И досадливо что-то скребнуло по сердцу. Он представил себе, как жена уже тащит с ноги этот самый хрустящий прозрачный чулок. Зудин лег на кровать, а она, с краю сидя в нижней сорочке, снимает чулок. Скучные, желтые пряди волос бесцветной мочалкой упали, закрыв сёроглазье лица и тени грубеющих плеч. Пахнет потом. По стенке спускается клоп.
Передернулся Зудин и швырнул папиросой. Он зло и досадливо вспомнил, как жена ядовито отделалась фразой:
— Ты в Чека принимаешь прохвостов!
«Он?!.. Прохвостов?!»
Но мотор, будто взнузданный, мягко шипя, подкатился к крыльцу с часовым.
«Ну а Вальц?» — думал Зудин, не спеша поднимаясь широкою лестницей кверху. Одинокая электрическая лампочка освещала убого грязный мрамор ступеней и засохшую пыльную пальму в углу на просторной площадке, стерегущую ворох окурков.
«Ну а Вальц? Зачем она все это сделала?»
У уборщицы, старой Агафьи, Зудин взял ключ и отпер им свой кабинет.
— Кто сегодня дежурит? — спросил он.
— А энта барынька, как ее?.. Вальс!
Зудин хмуро пошел, ярким светом наполнил потолочную люстру, задернул портьеру синеющих исчерна окон и сел у стола.
Обои казались теперь блекло-сизыми, дикого цвета, а портьеры свисали и никли золотисто-янтарными, теплыми пятнами, оттеняя любовно темно-рыжие стрелы дубовых шпалер, заостренные готикой кверху, в резной потолок, весь веселый и теплый от люстры.

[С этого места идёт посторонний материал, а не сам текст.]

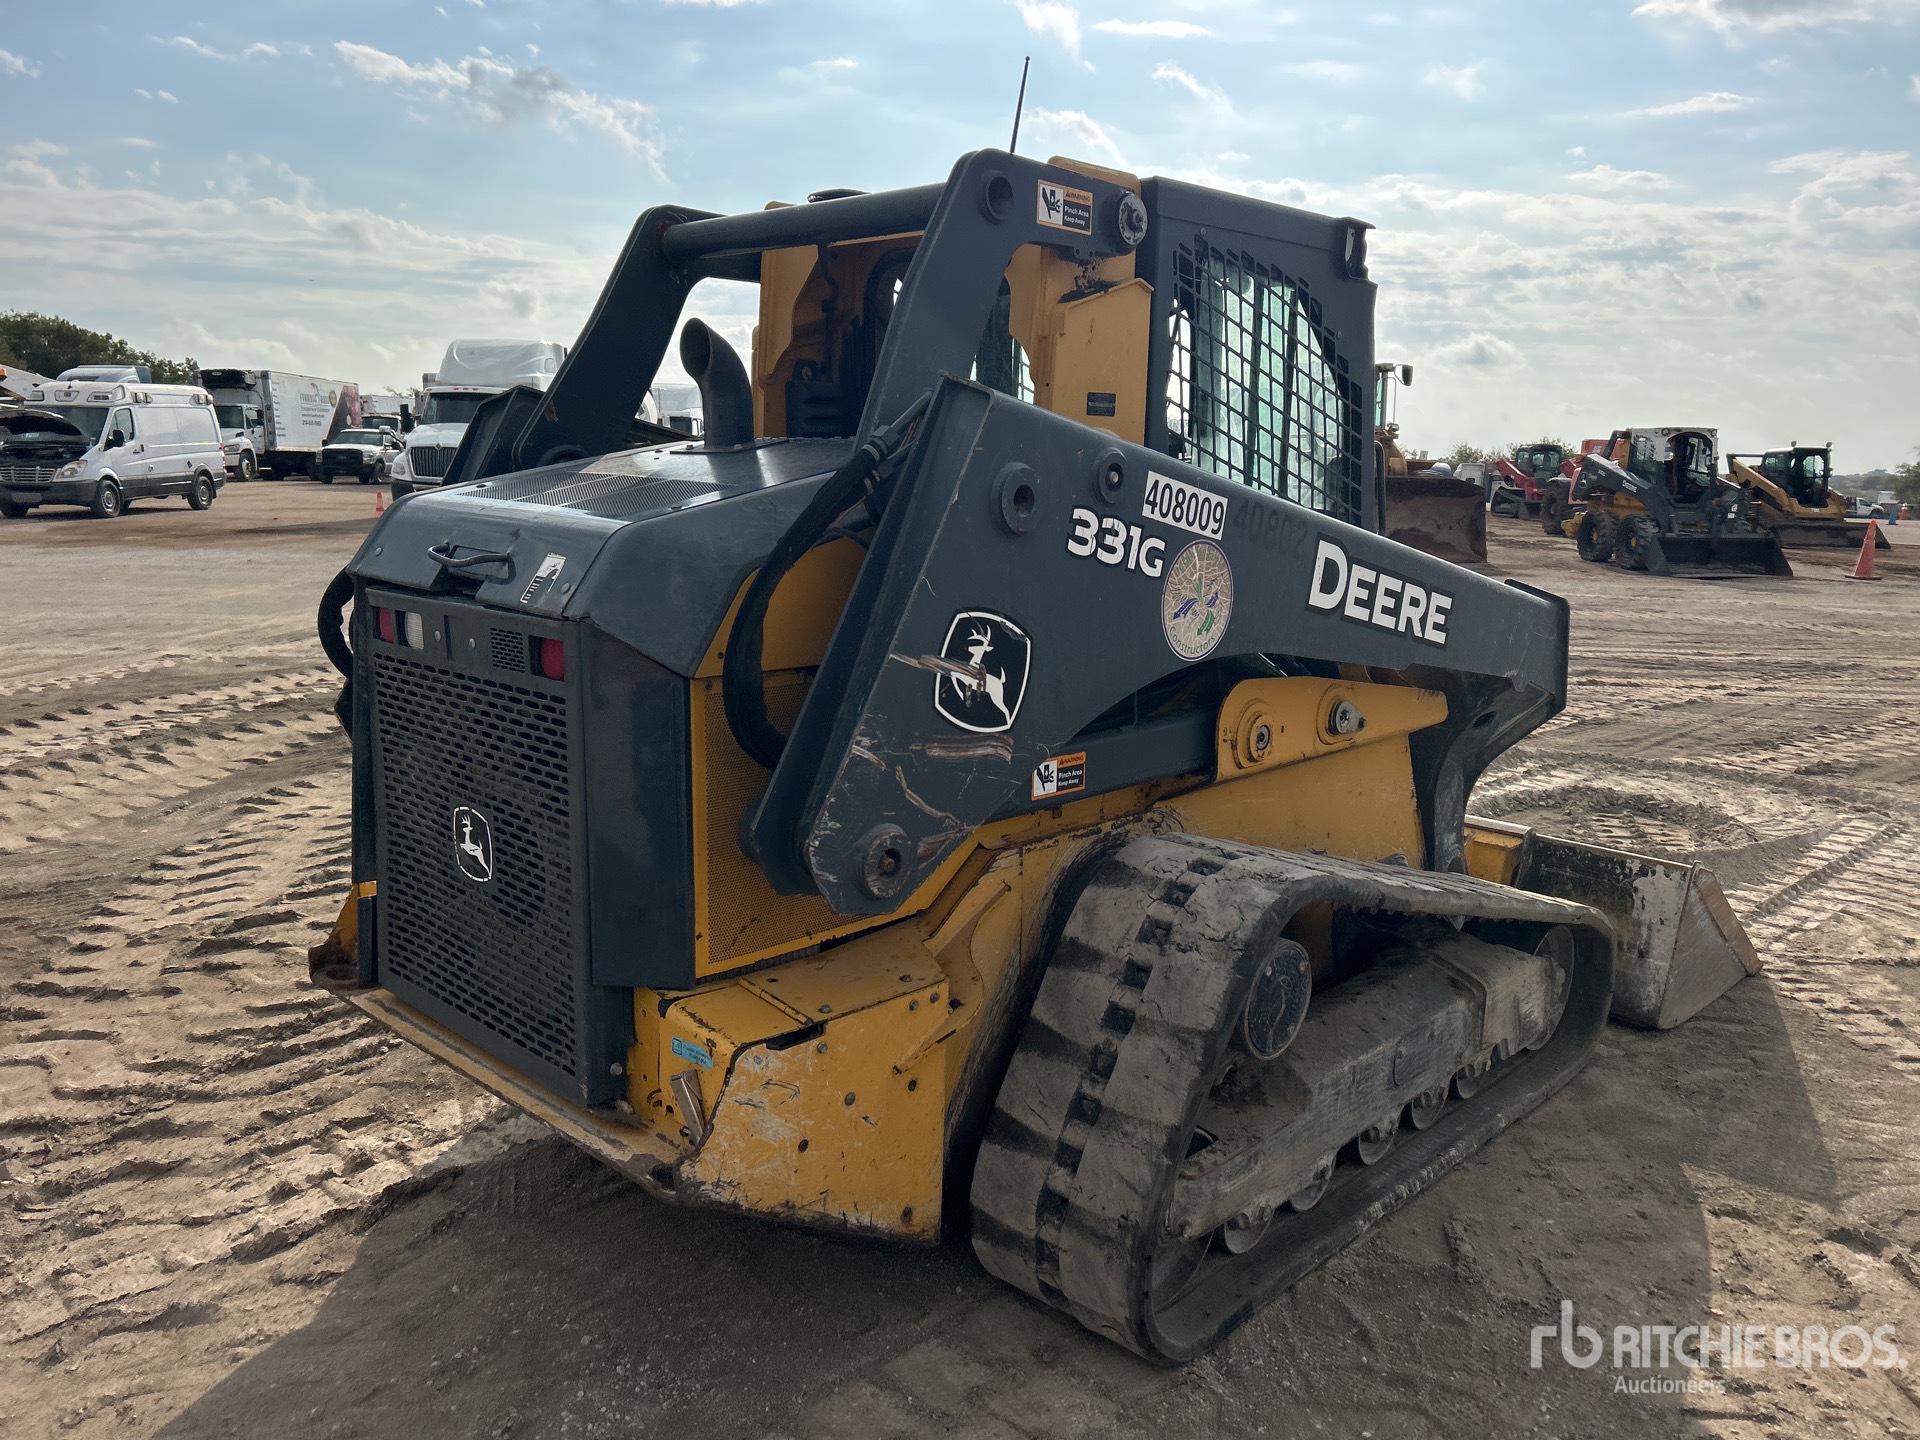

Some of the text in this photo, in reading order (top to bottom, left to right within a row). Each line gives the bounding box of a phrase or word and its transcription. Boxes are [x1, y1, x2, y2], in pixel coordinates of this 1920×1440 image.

[1064, 206, 1089, 217] Pinch Area
[1064, 215, 1085, 226] Keep Away
[1146, 478, 1225, 536] 408009
[1067, 508, 1166, 578] 331G
[1307, 539, 1453, 645] DEERE
[1169, 626, 1216, 655] Constructors
[1058, 770, 1072, 778] Pinch

Перерыл Зудин несколько папок и, выбрав какое-то толстое дело, брови сдвинул и, готикой стрелок наморщив теплеющий лоб, весь ушел в перелист и вниманье.
Мягким, матовым светом от ламп ласкались: бумаги, обои, папки и ворох различных вещей, в беспорядке раскинутых кем-то на полу по углам. Там беремя откуда-то присланных шпаг и винтовок, там вязанки бумаг, связки писем, оставленных возле больших чемоданов, и с десяток уже запыленных бутылок конфискованных вин.
Зудин долго сидел, шелестя, занося на бумагу пометки, а потом позевнул, потянулся и встал, молчаливо понурясь.
Он просто не помнит, чтоб бывало ему беспричинно так грустно, как теперь: будто кто-то куда-то уехал, самому ль надо ехать куда-то далеко-далеко — и не хочется ехать. И вот на каком-то глухом, захолустном фольварке[14], в чьем-то кинутом замкег на фронте, он оставлен для связки и должен скоротать одинокий солдатский ночлег.
«Я устал, — он подумал, — хорошо б отдохнуть». Скоро будет весна. Что же, можно будет, пожалуй, взять отпуск да и махнуть как-нибудь в деревушку, где пахнет травою, соломой и курами, где в тенистой, прохладной клети можно здорово спать на широких крестьянских подушках, еле-еле внимая сквозь сон, как поют за стеной и хохочут игривые девки. А проснешься — тропа торопливо сбегает со двора мимо огорода с росистой капустой на низменный луг, к мелкой речке, где в прозрачных, сверкающих струйках извиваются возле травы изредка, как тесемки, пиявки.
14
Фольва́рк (польск. folwark от диалектизма нем. Vorwerk) — мыза, усадьба, обособленное поселение, принадлежащее одному владельцу, помещичье хозяйство.